In a study at the Children’s Hospital of Philadelphia (CHOP), one course of gene therapy improved the vision of eight children and four adults. The patients had Leber’s congenital amaurosis (LCA), and a single injection of a protein-making gene produced a strong enough result that six of the twelve patients were able to no longer be classified as legally blind. Results were published October in an online article of The Lancet.
Dr. Katherine High (center), flanked by Dr. Albert Maguire and Dr. Jean Bennett of Children’s Hospital of Pennsylvania, holds a dose of the RPE65 gene therapy.
Photo: Children’s Hospital of Pennsylvania
Mutations in any one of 13 genes can cause Leber’s congenital amaurosis. The patients in this study have a defect of the RPE65 gene that affects a protein needed for activity of the retinal pigment epithelium. This is the cause of about 6% of LCA cases. Each patient received one injection in the worse eye. Two weeks later, all 12 patients reported improved vision. The gene therapy produced proteins that activate the light receptors in the patients’ retinas—the area impacted by the patients’ LCA.

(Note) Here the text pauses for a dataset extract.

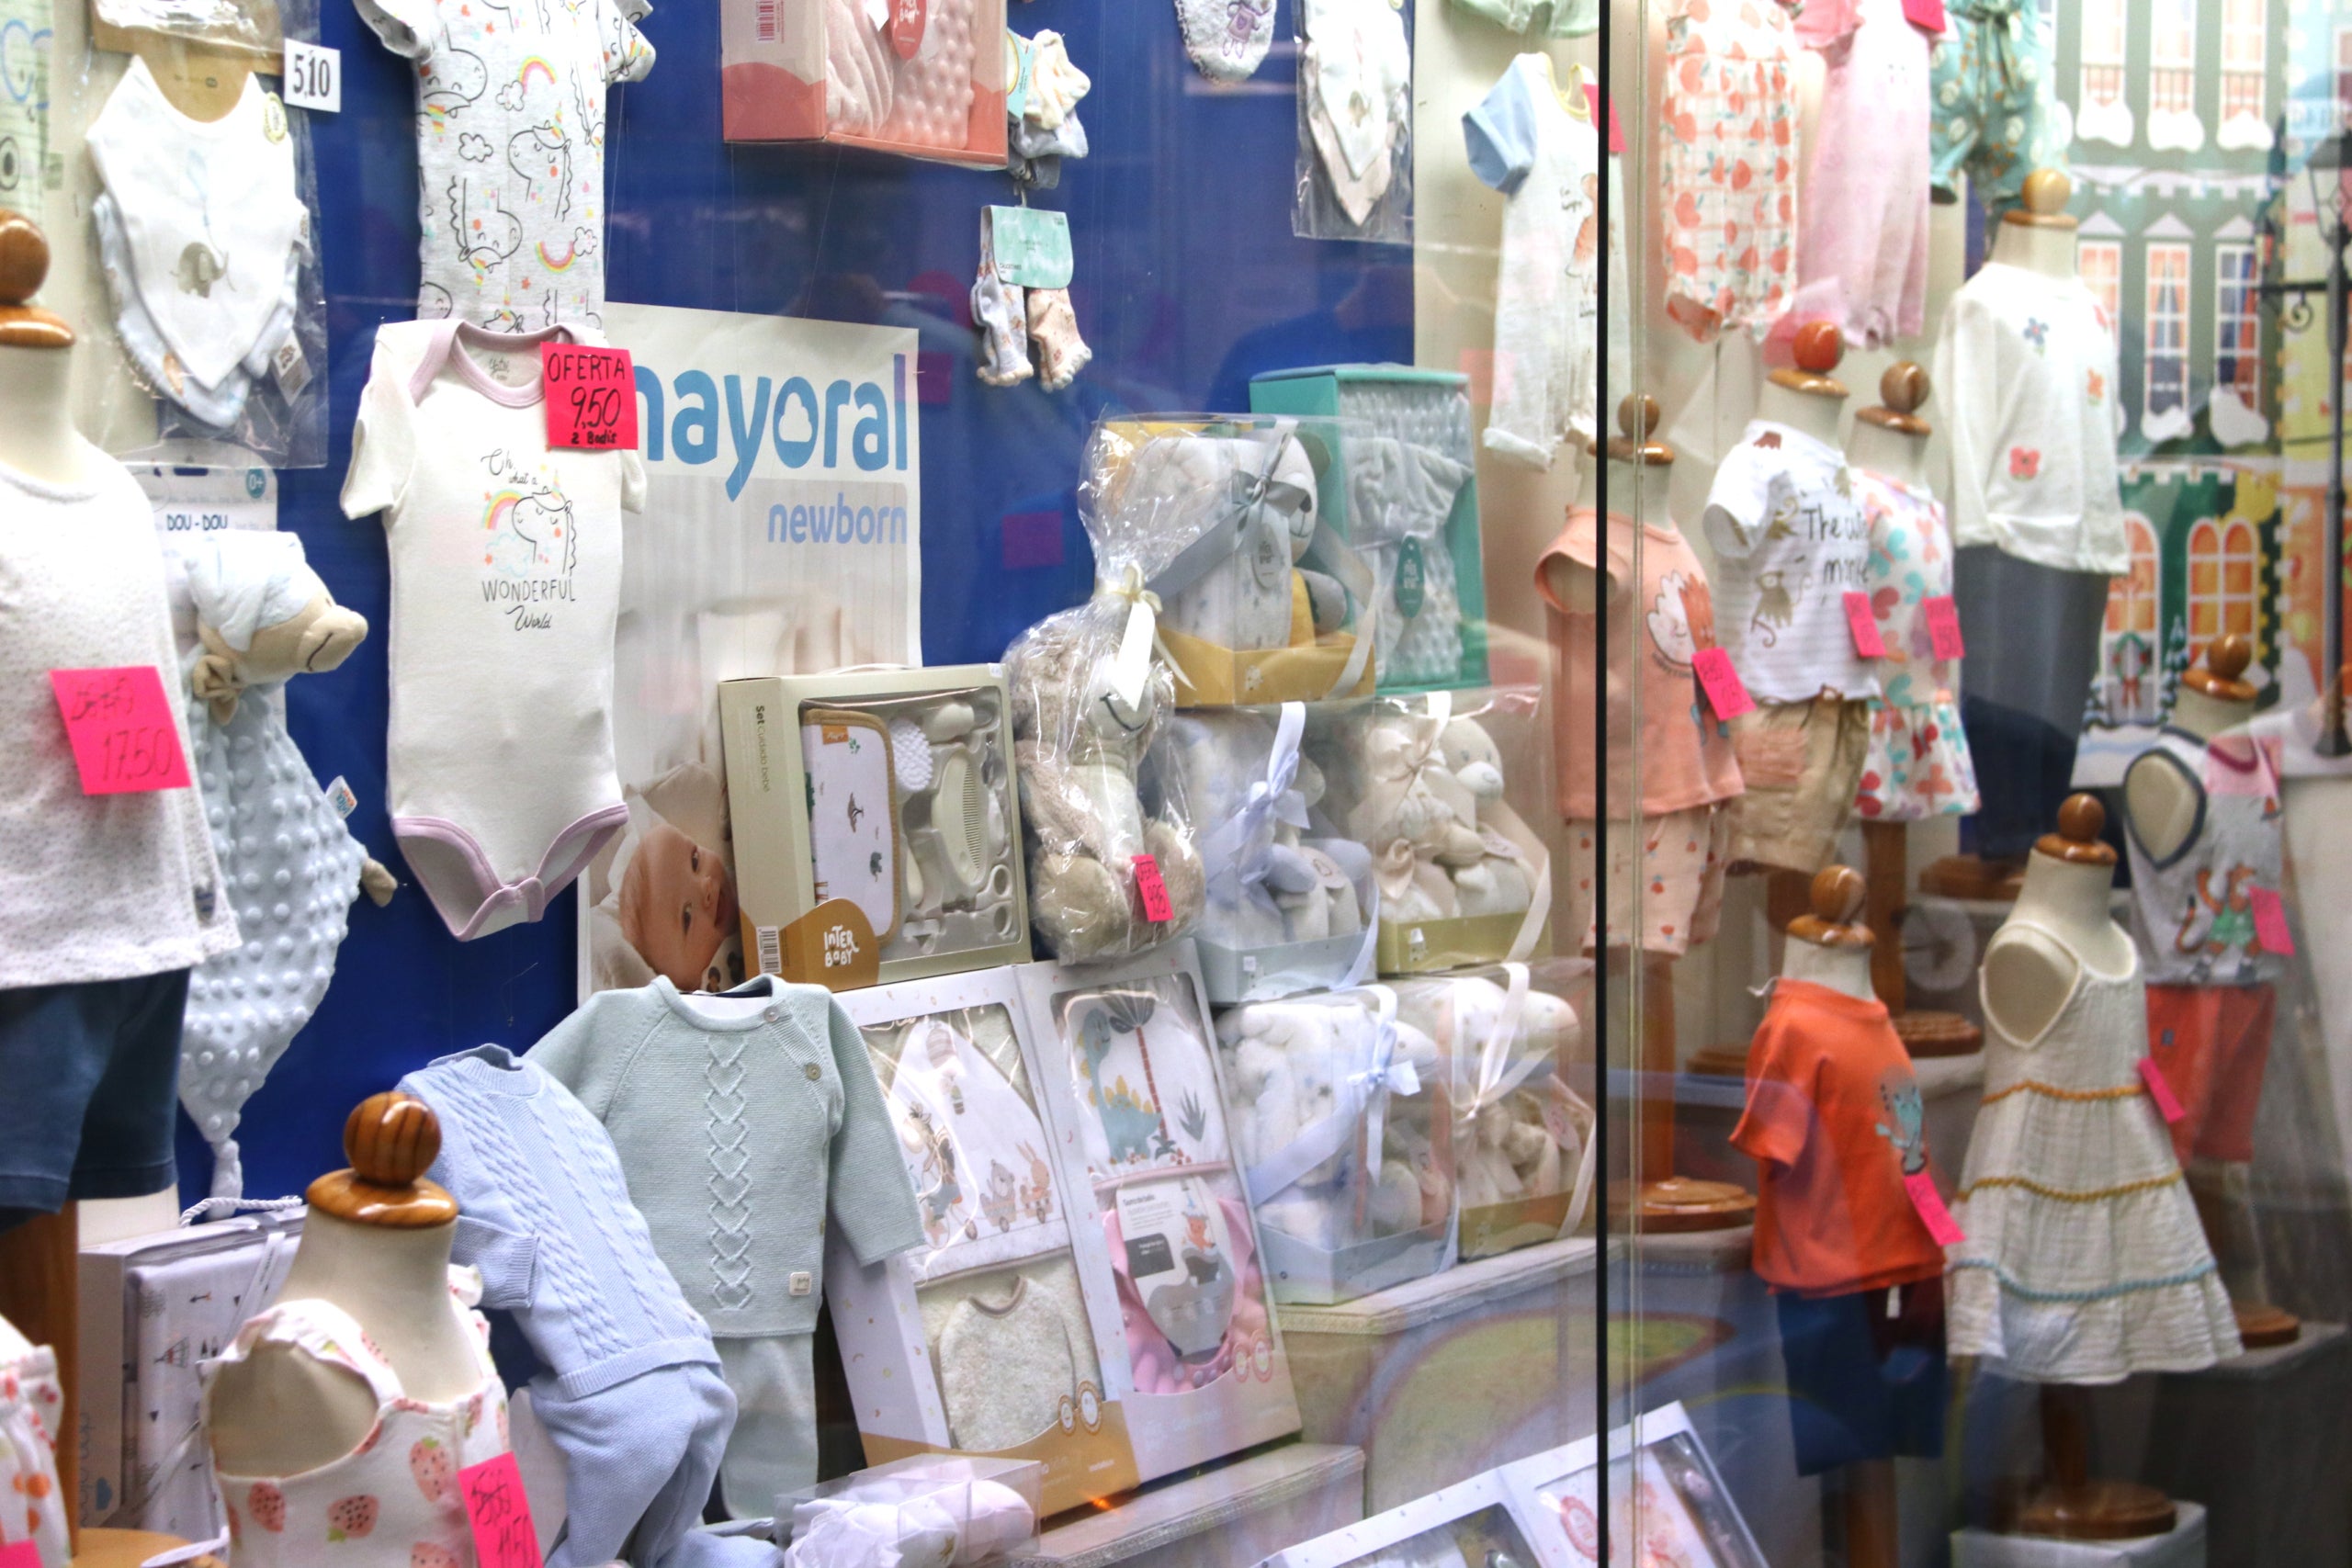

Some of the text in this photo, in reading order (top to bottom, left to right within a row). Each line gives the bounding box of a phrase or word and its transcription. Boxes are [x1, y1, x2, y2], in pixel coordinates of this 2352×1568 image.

Objective measurement of pupillary constriction revealed that all subjects’ treated eyes were able to detect significantly more light than their untreated eyes. And, nine eyes with nystagmus secondary to LCA demonstrated significant improvement.

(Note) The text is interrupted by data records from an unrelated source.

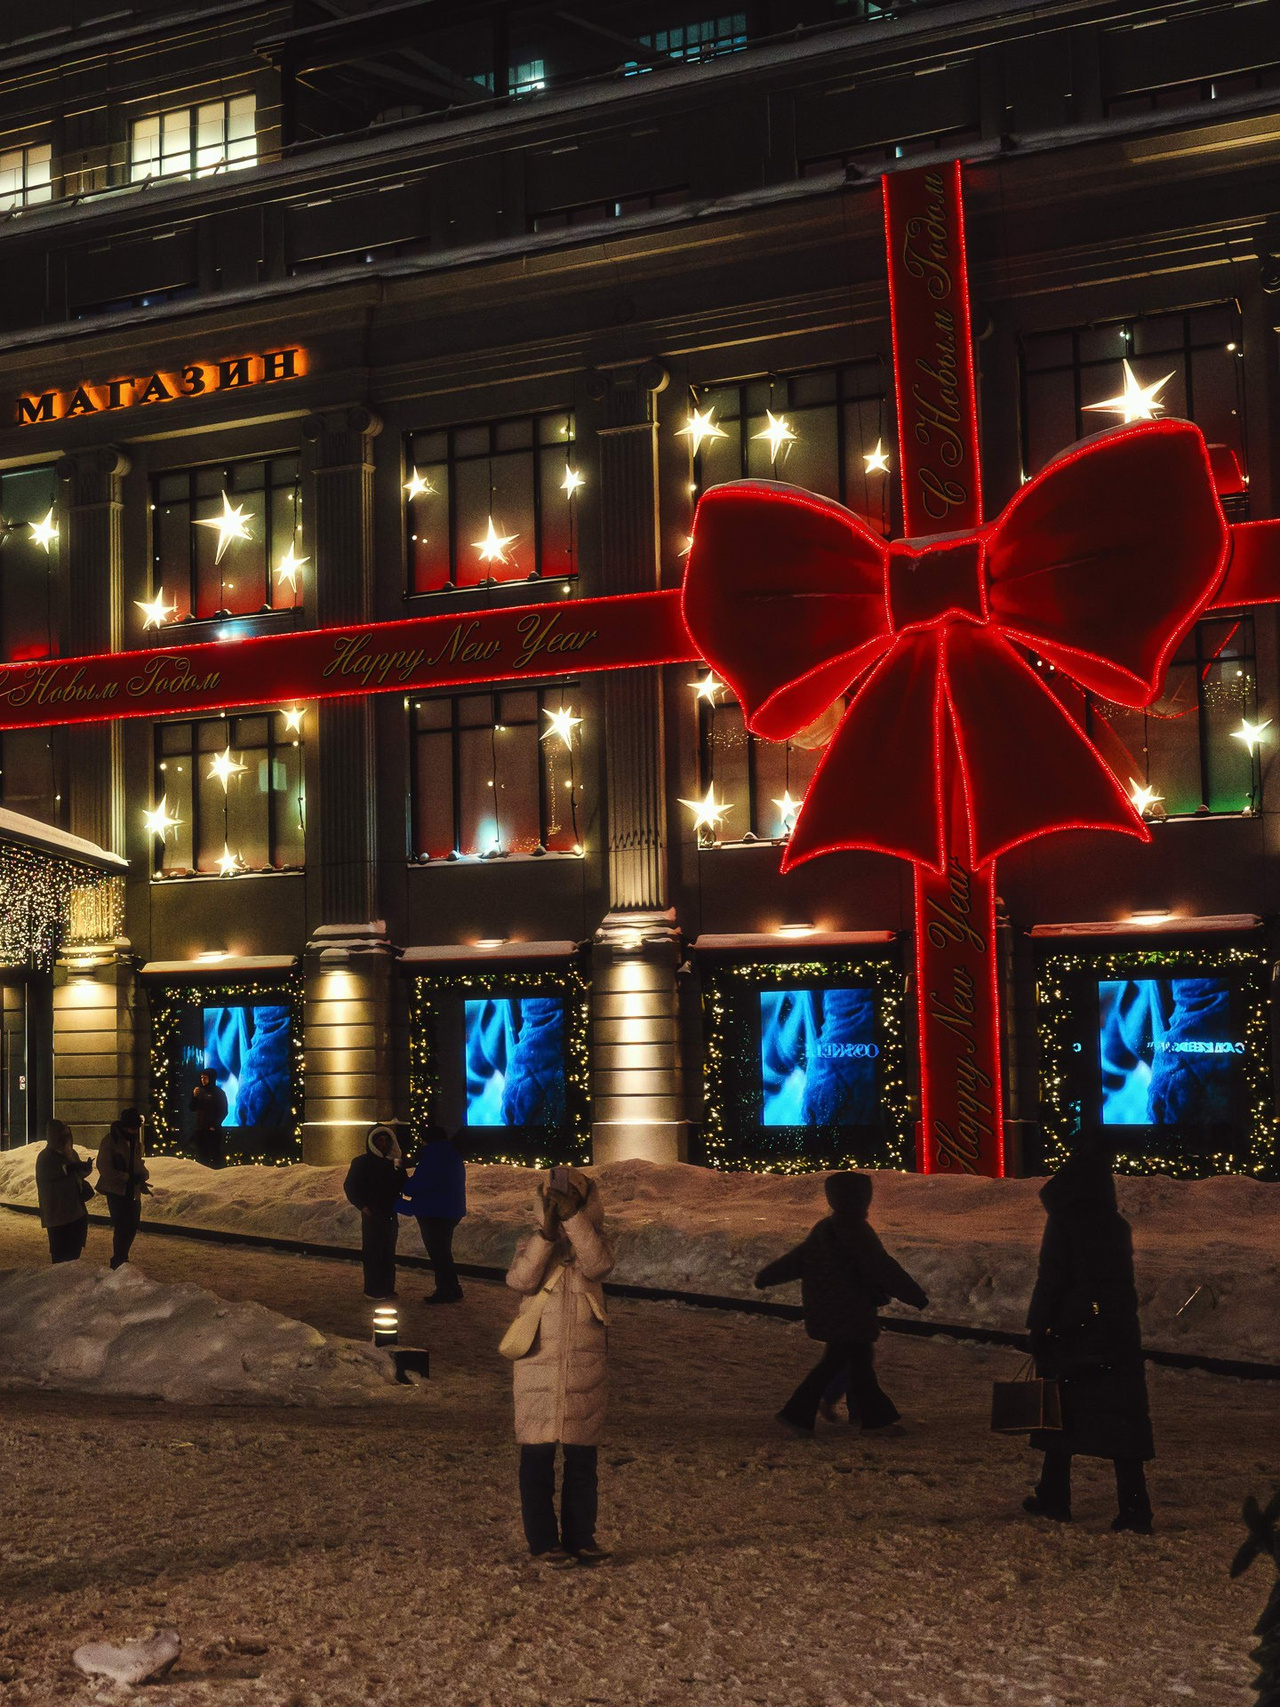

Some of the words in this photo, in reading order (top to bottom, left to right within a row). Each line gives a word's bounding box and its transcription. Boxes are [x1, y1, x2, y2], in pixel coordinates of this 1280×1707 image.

[902, 171, 953, 301] Годом
[18, 348, 300, 426] МАГАЗИН
[911, 308, 966, 468] Новым
[7, 663, 119, 707] Новым
[125, 655, 221, 697] Годом
[322, 632, 425, 686] Happy
[426, 620, 502, 665] New
[512, 611, 599, 669] Year
[926, 855, 986, 953] Year
[929, 964, 976, 1054] New
[933, 1056, 994, 1176] Happy

The researchers hypothesized that treatment would be age-dependent because damage to the retina progresses with age. So, the patient cohort ranged in age from eight to 44 years. As predicted, results in younger eyes showed a more marked improvement, although the children did not attain normal eyesight.
“Children who were treated with gene therapy are now able to walk and play just like any normally-sighted child,” says co-first author Albert M. Maguire, M.D., associate professor of ophthalmology at the University of Pennsylvania and a physician at CHOP. “They can also carry out classroom activities without visual aids.”

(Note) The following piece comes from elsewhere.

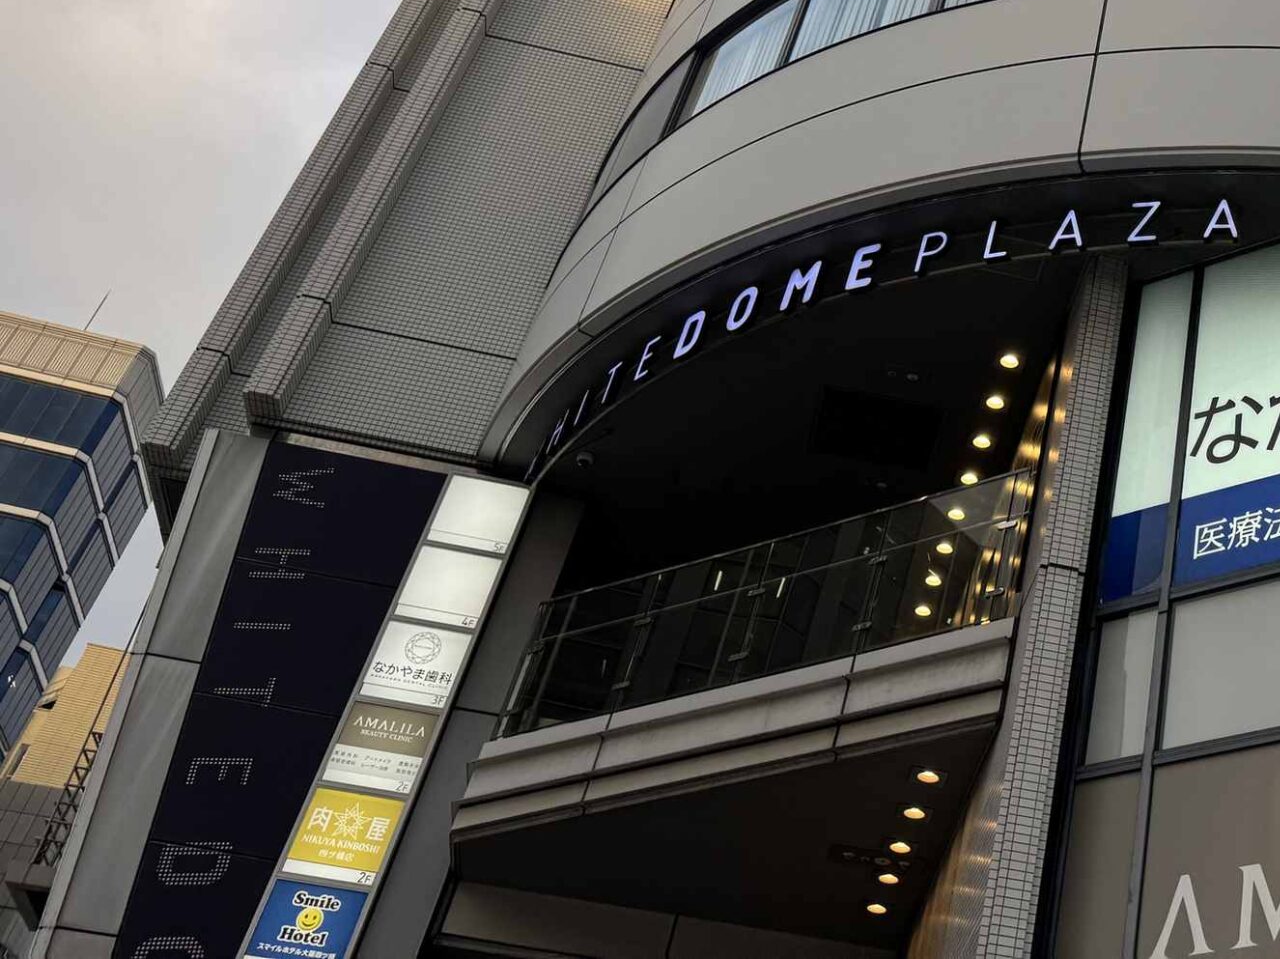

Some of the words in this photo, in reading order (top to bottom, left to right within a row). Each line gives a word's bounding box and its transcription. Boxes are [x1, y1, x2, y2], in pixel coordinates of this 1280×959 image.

Researchers captured patients’ progress on video, monitoring visual progression by requiring patients to traverse a standardized obstacle course. Prior to treatment, this was very difficult; after treatment, however, the children were able to more easily navigate the course. Not all of the adult patients performed better.
Researchers hope to monitor patients’ retinal degeneration to see if the gene therapy treatment stopped it completely or slowed it. “In the future, we hope to investigate whether other retinal disease will be amenable to this gene therapy approach,” says Dr. Maguire.
Maguire AM, High KA, Auricchio A, et al. Age-dependent effects of RPE65 gene therapy for Leber’s congenital amaurosis: a phase 1 dose-escalation trial. Lancet. 2009 October 24; [e-pub before print].